Just to reiterate, I drifted away after the third or fourth album hailed as a true return to form by latecomer Bowie zombies who had discovered the bloke when he played a whispy Gandalf in Labyrinth. I longed for a return to greatness, but time and again those amazing comeback and this time I'm not joking records proved themselves unlistenable. After Black Tie White Noise turned out to be an improvement only in the sense that a B.A. Robertson album is probably an improvement on anything by ELO, I decided that enough was enough. Of course it turns out that he eventually did remember how to make a decent record, and weirdly I've come to regard the run of albums from Heathen through to Blackstar as his best work. So, all you gormless wankers who spent the eighties crowing he's back and he's brilliant at every lame Tina Turner team-up, every guest spot with Gordon the Gopher, thanks for fucking nothing, you stupid cunts.
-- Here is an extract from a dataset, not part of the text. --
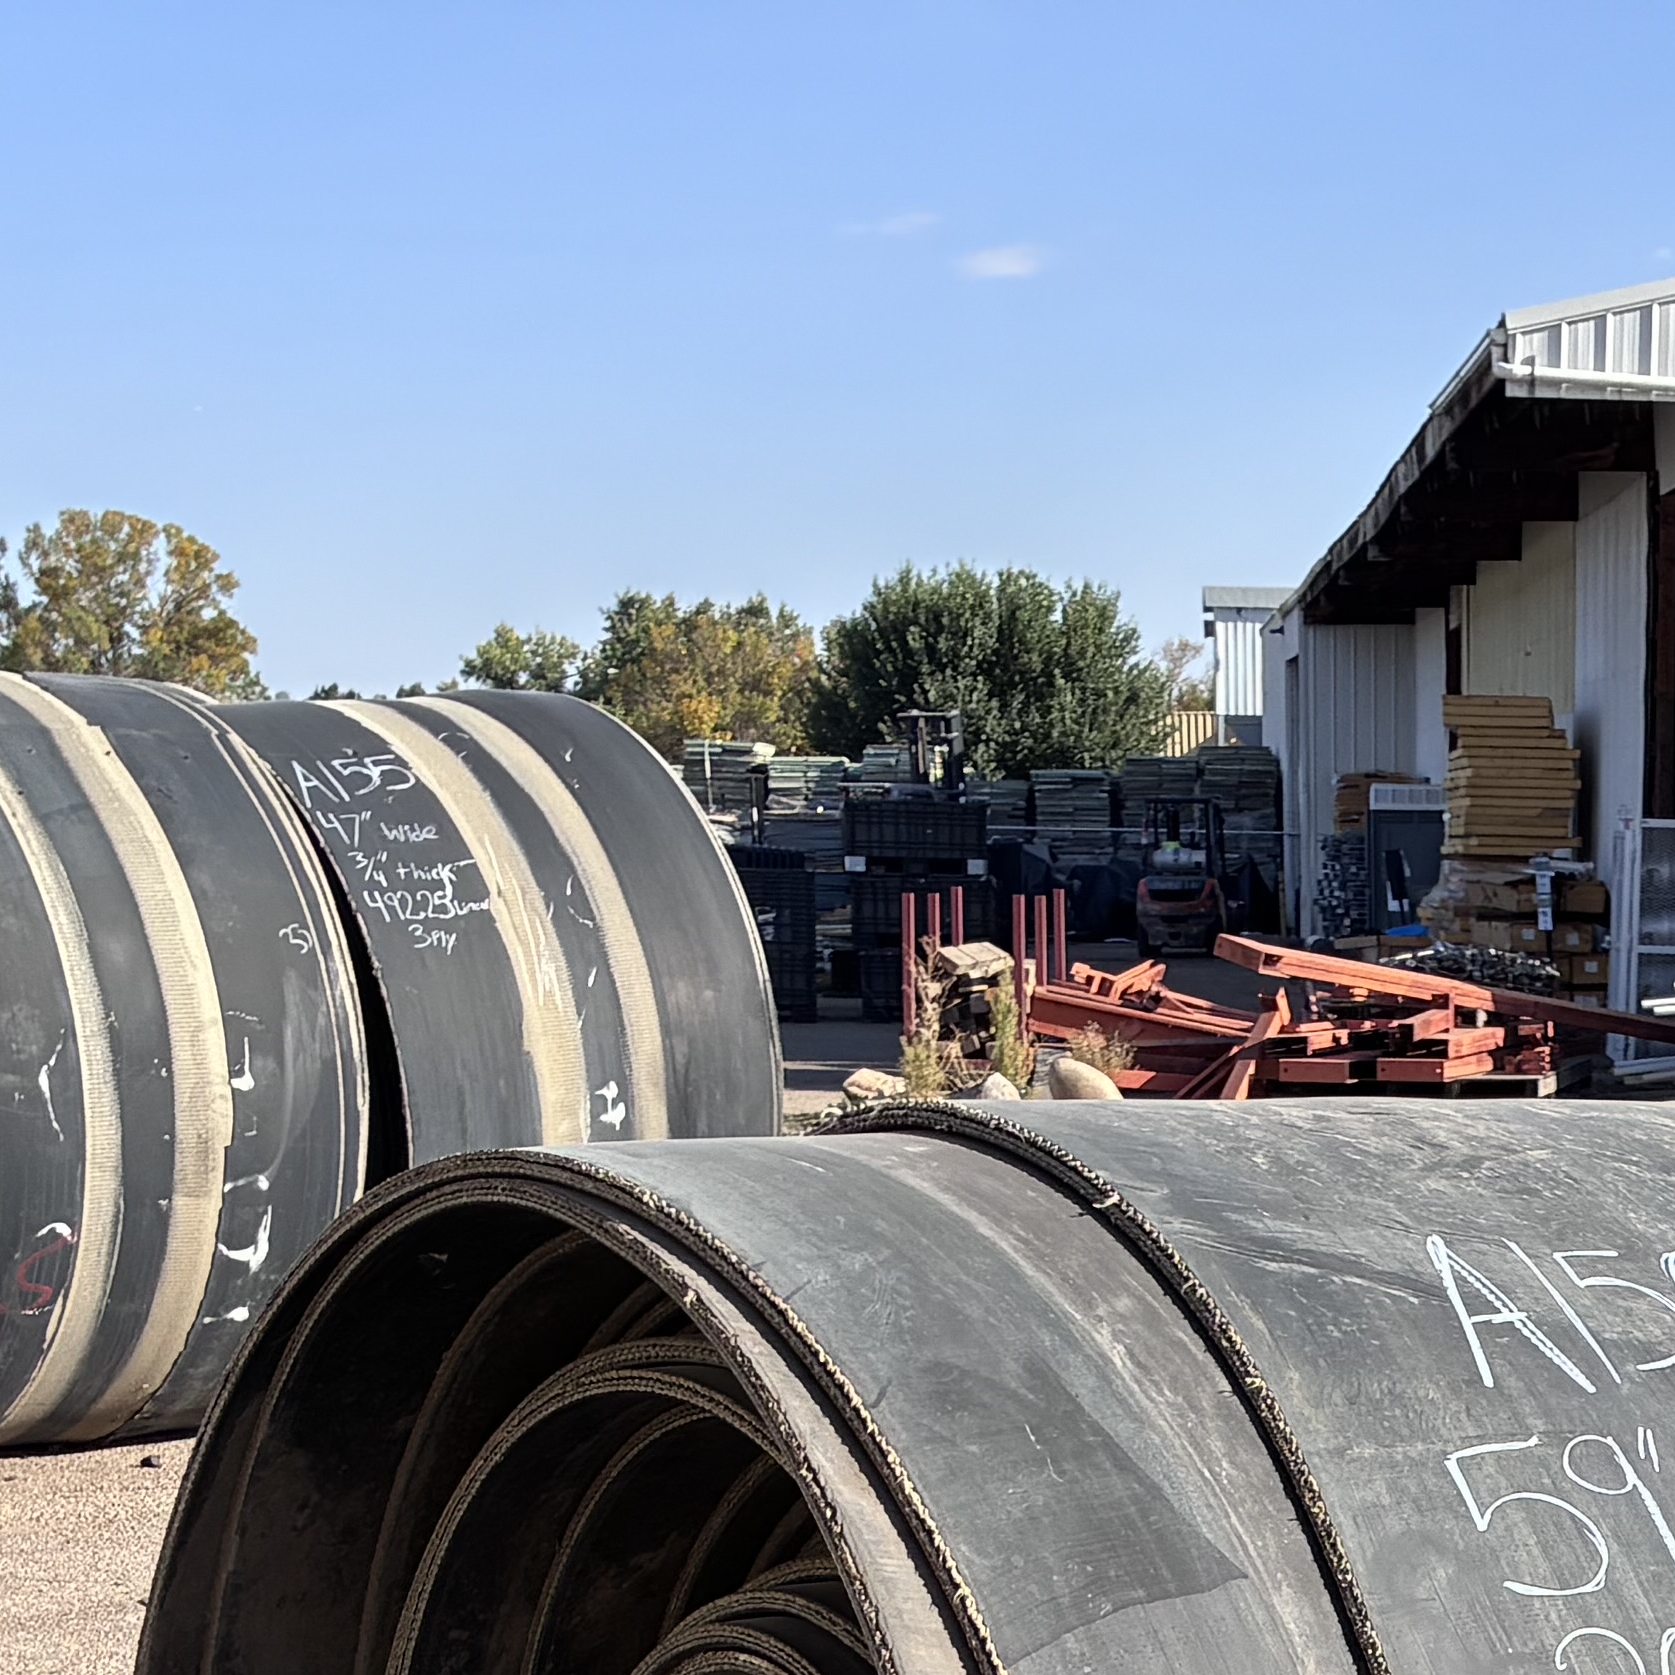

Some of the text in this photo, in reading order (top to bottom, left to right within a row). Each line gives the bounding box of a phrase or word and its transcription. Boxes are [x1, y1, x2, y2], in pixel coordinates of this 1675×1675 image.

[291, 754, 416, 808] A155
[316, 810, 372, 848] 47"
[408, 923, 432, 949] 3
Anyway, it seemed like time to take the plunge and get hold of this one on the grounds that I may have been wrong. Let's Dance was a great single, but I hated China Girl with its plinky-plonky something Chinese this way comes riff, and the album cover looks like a card you'd buy for a fourteen year old boy. All that's missing are the words on your birthday and a racing car in the lower right corner; but the problem wasn't just that Bowie, having grown tired of pretending to read Albert Camus, wanted to be a pop star again. The problem was also that with the best will in the world, Let's Dance was never going to sound great stood next to Scary Monsters.
I've now played the thing a million times so as to give it every possible opportunity to sink in and to work whatever magic it may have, and okay - I will grudgingly concede that it isn't that bad, generally speaking. I can see how Dave may have felt inclined to revisit his roots, specifically his rhythm and blues roots as heard on those Lower Third records, because the problem with the sort of introspection which had informed his previous four or five albums is that one eventually gets sick of the sound of one's own voice, and so I guess he just wanted to have fun making a record again. With that in mind, it's to his credit that he therefore made a vaguely decent record with Let's Dance in so much as that it goes back to his roots without sounding like an exercise in nostalgia, even moving things forward a little in trying something new with the big, live, occasionally even raw, sound of Nile Rodgers' production. I suppose then this is almost Bowie's punk album, at least in spirit, or certainly more so than the austere noodling of Low or Heroes.
I can appreciate this record a little better these days, particularly given that The Next Day sounds like him trying to get Let's Dance right in a couple of places, but it nevertheless remains a flawed album. This investigation has reminded me that Modern Love was also a great single, and that China Girl would be decent were it not for the Charlie Chan riff; but if you took away either Modern Love or the title song, you'd be left with a great single and six above average b-sides. I firmly believe there's a case for Let's Dance as a better album than Low, Heroes, or Lodger, but I don't know whether that's really saying anything.